En revenant à Erythræ, au lieu de poursuivre son voyage, il sauva, par accident, sa flotte ; car il se trouva que cette même nuit la flotte athénienne sous Strombichidês, — trente trirèmes accompagnées de quelques trirèmes chargées d’hop lites, — stationna sur le côté méridional -du même cap. Aucun d’eux ne connaissait la position de l’autre, et Astyochos, s’il s’était dirigé le lendemain vers Milêtos, serait tombé dans un ennemi supérieur en nombre. Il échappa de plus à une terrible tempête qui assaillit les Athéniens quand ils doublèrent le cap en se dirigeant vers le nord. Apercevant trois trirèmes de Chios, ils leur donnèrent la chasse ; mais : la tempête devint si violente, que même ces trirèmes eurent beaucoup de peine à rentrer dans leur propre port, tandis que les trois premiers vaisseaux athéniens furent brisés sur le rivage voisin ; tous leurs équipages périrent ou furent faits prisonniers[63]. Le reste de la flotte athénienne trouva abri dans le port de Phœnikos, sur le continent opposé, au pied de la montagne élevée appelée Mimas, au nord d’Erythræ.

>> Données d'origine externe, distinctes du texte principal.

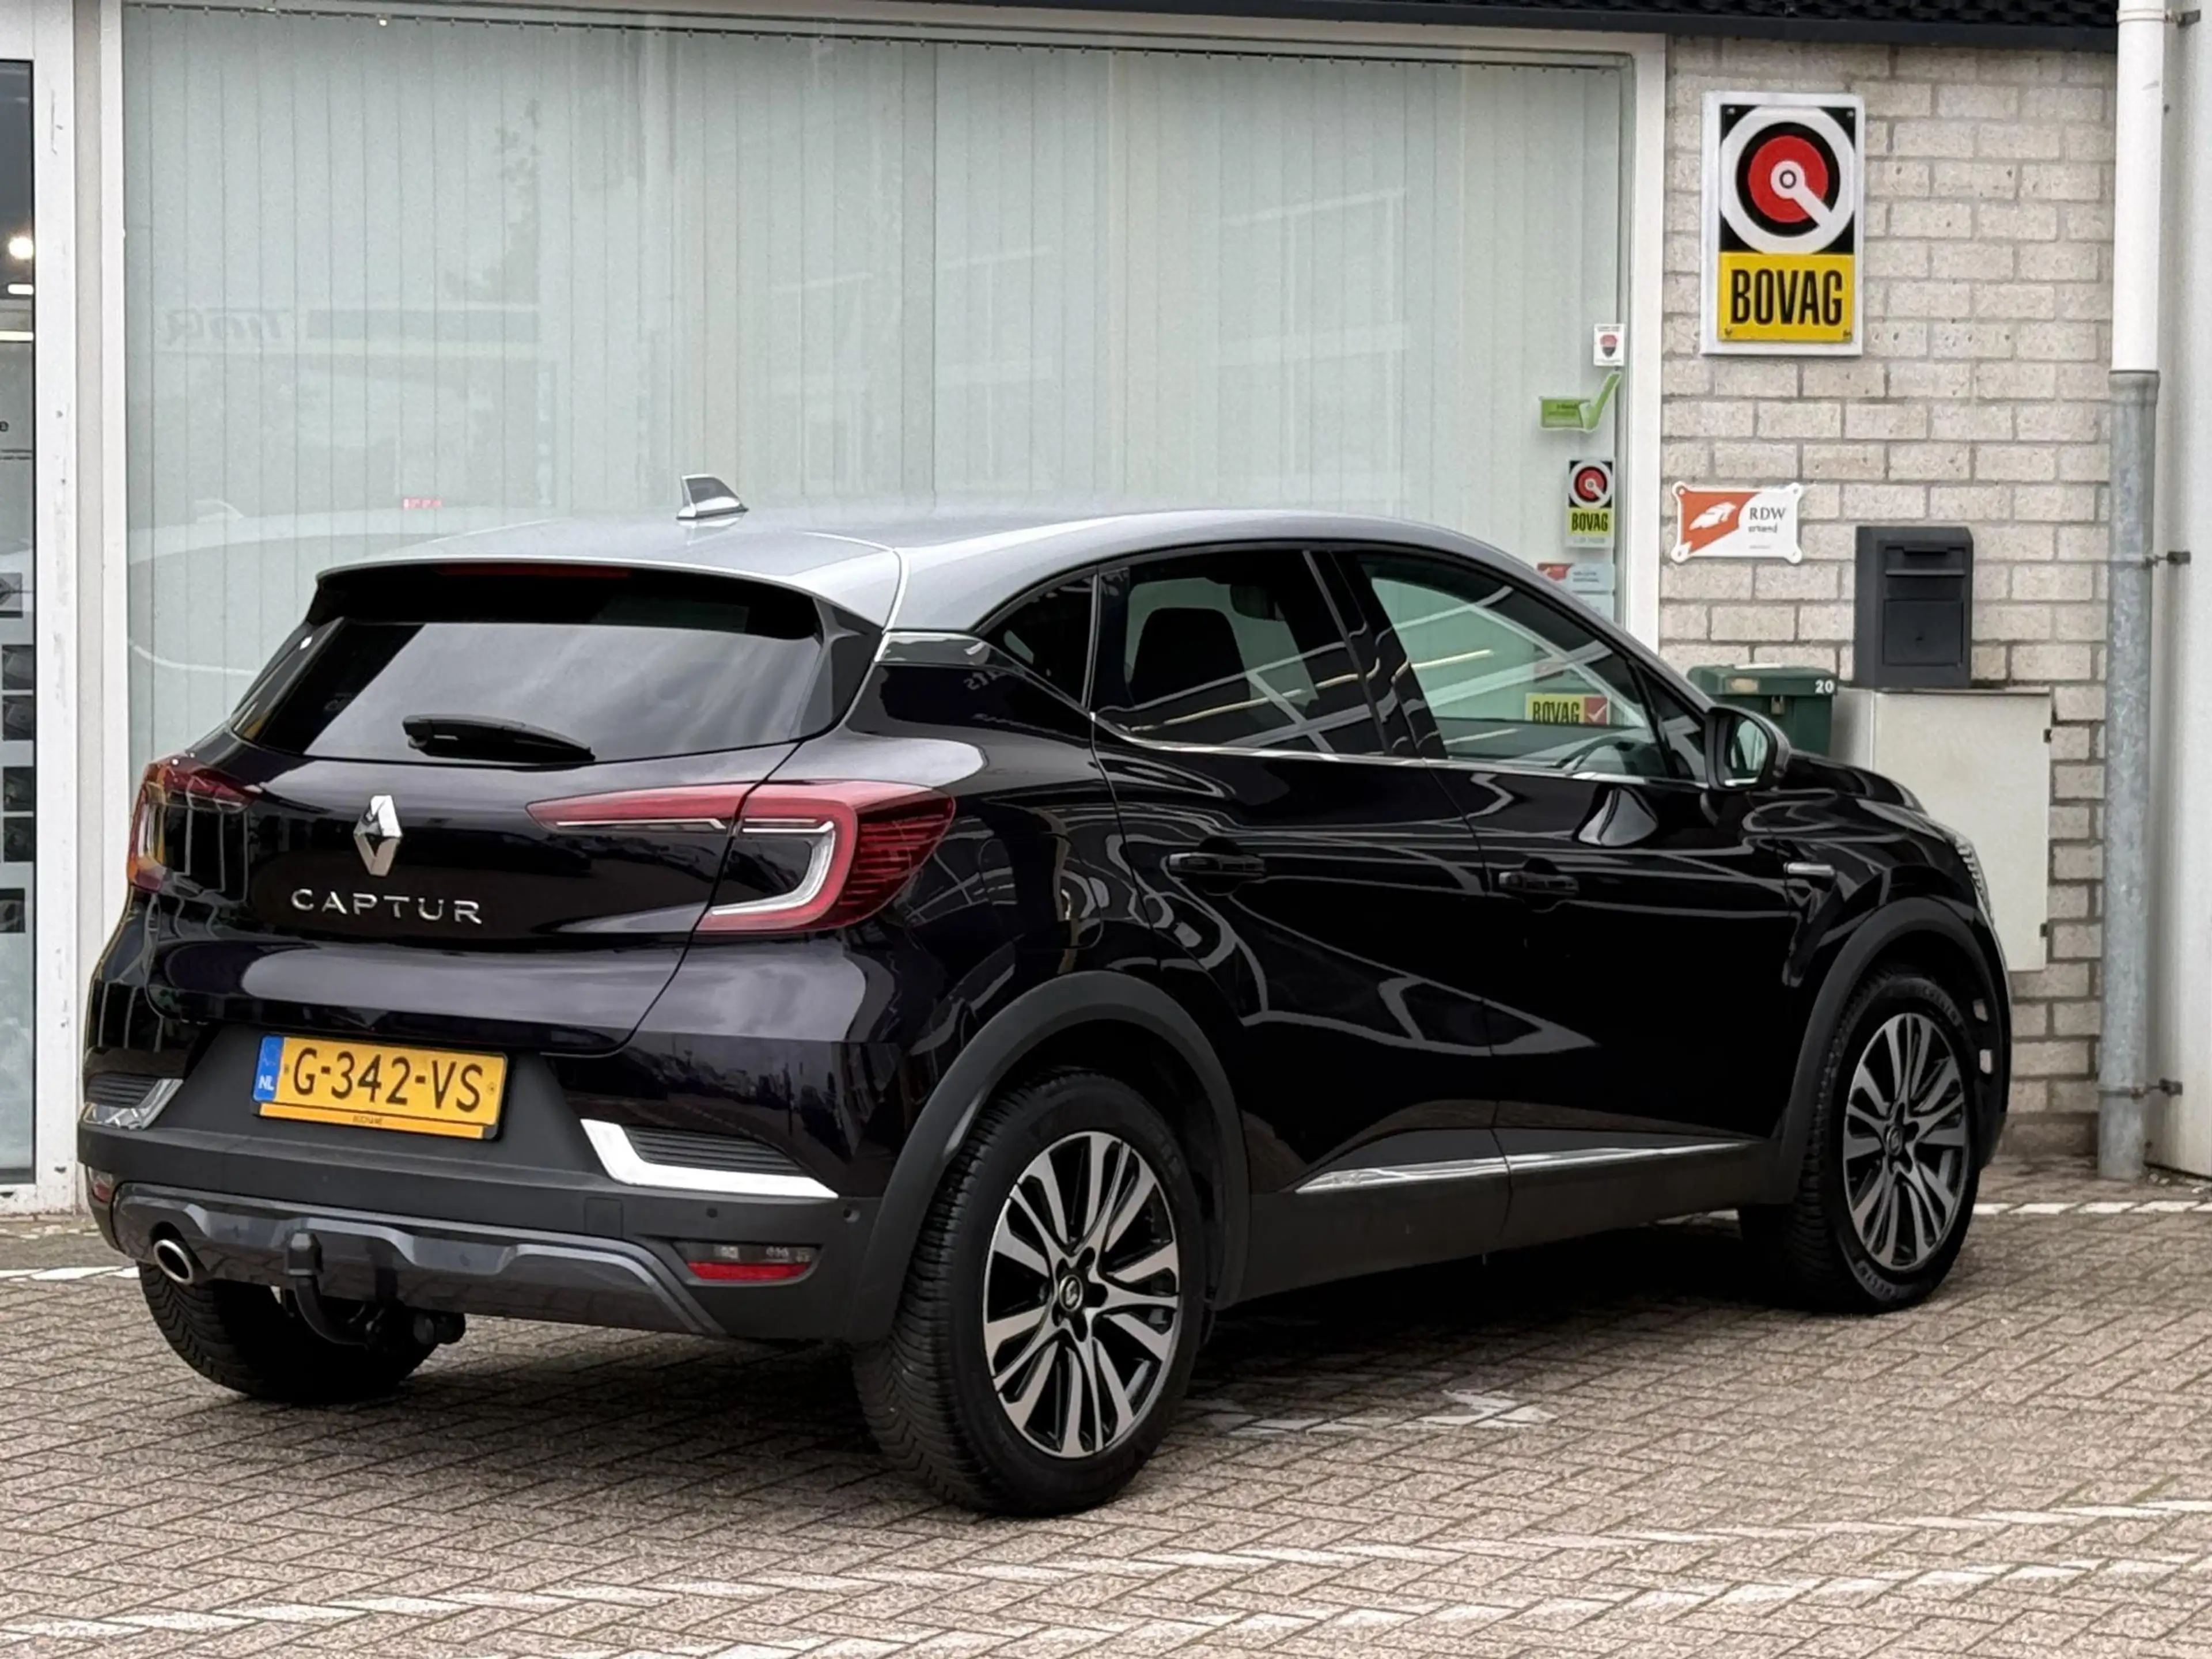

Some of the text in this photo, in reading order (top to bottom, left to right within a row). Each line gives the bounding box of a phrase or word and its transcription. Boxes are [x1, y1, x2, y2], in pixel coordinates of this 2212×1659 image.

[1730, 268, 1843, 326] BOVAG
[1571, 512, 1608, 531] BOVAG
[1749, 507, 1786, 520] RDW
[1815, 679, 1835, 694] 20
[1532, 701, 1580, 724] BOVAG
[291, 888, 482, 925] CAPTUR
[258, 1075, 275, 1091] NL
[293, 1047, 484, 1113] G-342-VS
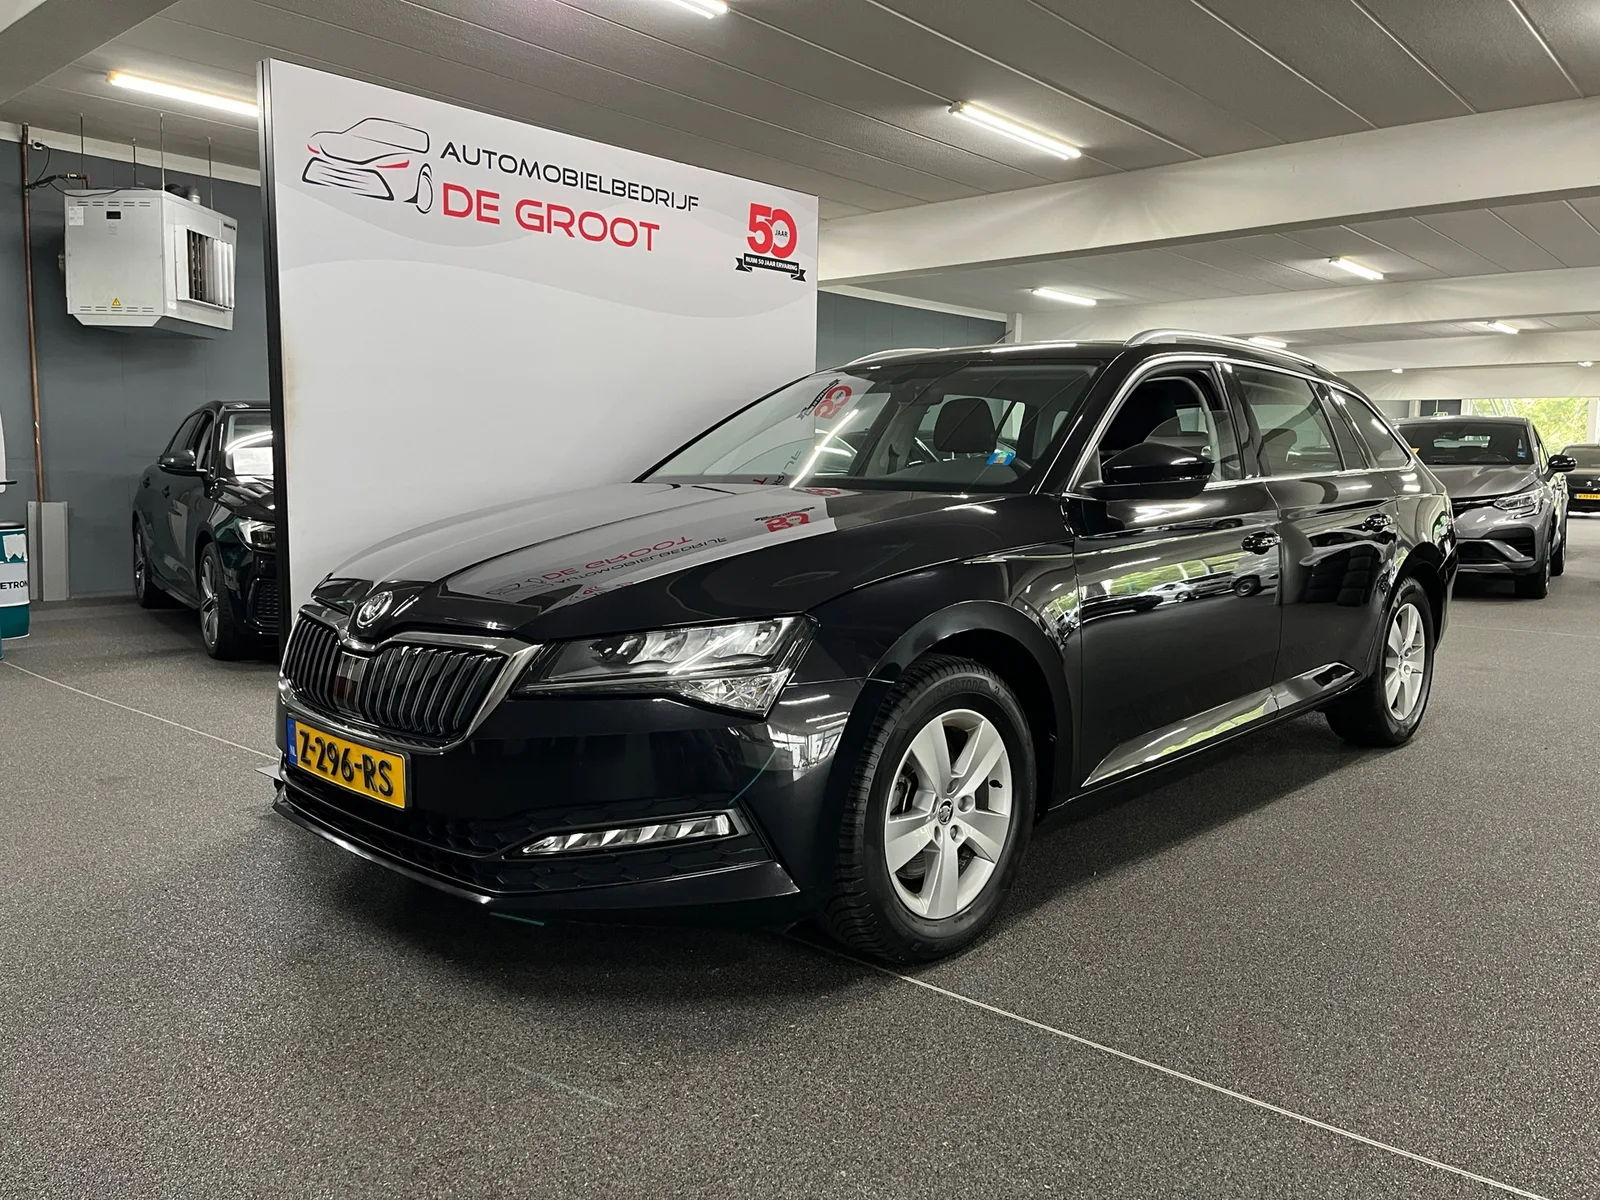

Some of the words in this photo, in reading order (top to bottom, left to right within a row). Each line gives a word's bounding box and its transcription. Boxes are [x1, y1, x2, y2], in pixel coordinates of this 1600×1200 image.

[440, 141, 699, 212] AUTOMOBIELBEDRIJF
[443, 182, 500, 225] DE
[515, 198, 660, 252] GROOT
[746, 202, 798, 259] 50
[775, 230, 788, 238] JAAR
[745, 256, 758, 264] RUIM
[776, 262, 798, 271] ERVARING
[299, 729, 394, 797] Z-296-RS

Aussitôt que le temps le permit, ils poursuivirent leur voyage vers Lesbos ; et c’est de cette île qu’ils commencèrent leurs opérations, dont le but était d’envahir Chios et d’y établir un poste fortifié permanent. Après avoir transporté de Lesbos leur armée de terre, ils occupèrent une forte situation maritime appelée Delphinion, vraisemblablement un cap avancé, qui avait de chaque côté un port abrité, non loin de la ville de Chios[64]. Ils consacrèrent beaucoup de temps et de travail à fortifier ce poste, tant dit côté de la terre que de celui de la mer ; et pendant cette opération ils furent à peine interrompus soit par les gens de Chios, soit par. Pedaritos et par la garnison ; et cette inaction avait pour cause non seulement le découragement des défaites antérieures, mais encore la division politique qui régnait alors dans la ville. Un fort parti, favorable aux Athéniens, s’était prononcé ; et, bien que Tydeus son chef fût saisi et mis à mort par Pedaritos, cependant les partisans qui restaient étaient si nombreux, que le gouvernement fut réduit à une oligarchie plus étroite que jamais, — et aux précautions jalouses les plus grandes, sans savoir à qui se fier. Malgré de nombreux messages envoyés à Milêtos, chargés de demander du secours et de représenter le péril urgent que courait cet allié, le plus grand de tous les alliés ioniens de Sparte, — Astyochos resta fidèle à ses menaces d’adieu, et refusa de les écouter. Pedaritos, indigné, envoya porter plainte à Sparte contre lui comme traître. Cependant la forteresse à Delphinion était si près d’être achevée, que Chios commença à en souffrir autant qu’Athènes, souffrait de Dekeleia, avec le malheur de plus d’être bloquée par mer. Les esclaves dans cette île opulente, — surtout des étrangers acquis par achat, mais plus nombreux que dans aucun autre Etat grec, excepté la Laconie, — furent enhardis par la supériorité manifeste et la position assurée- des envahisseurs à déserter en masse ; et la perte causée non seulement par leur fuite, mais par les informations et l’aide importantes qu’ils donnèrent à l’ennemi, fut immense[65]. La détresse de l’île augmentait chaque jour, et ne pouvait être allégée que par un secours venant du dehors, secours qu’Astyochos refusait encore.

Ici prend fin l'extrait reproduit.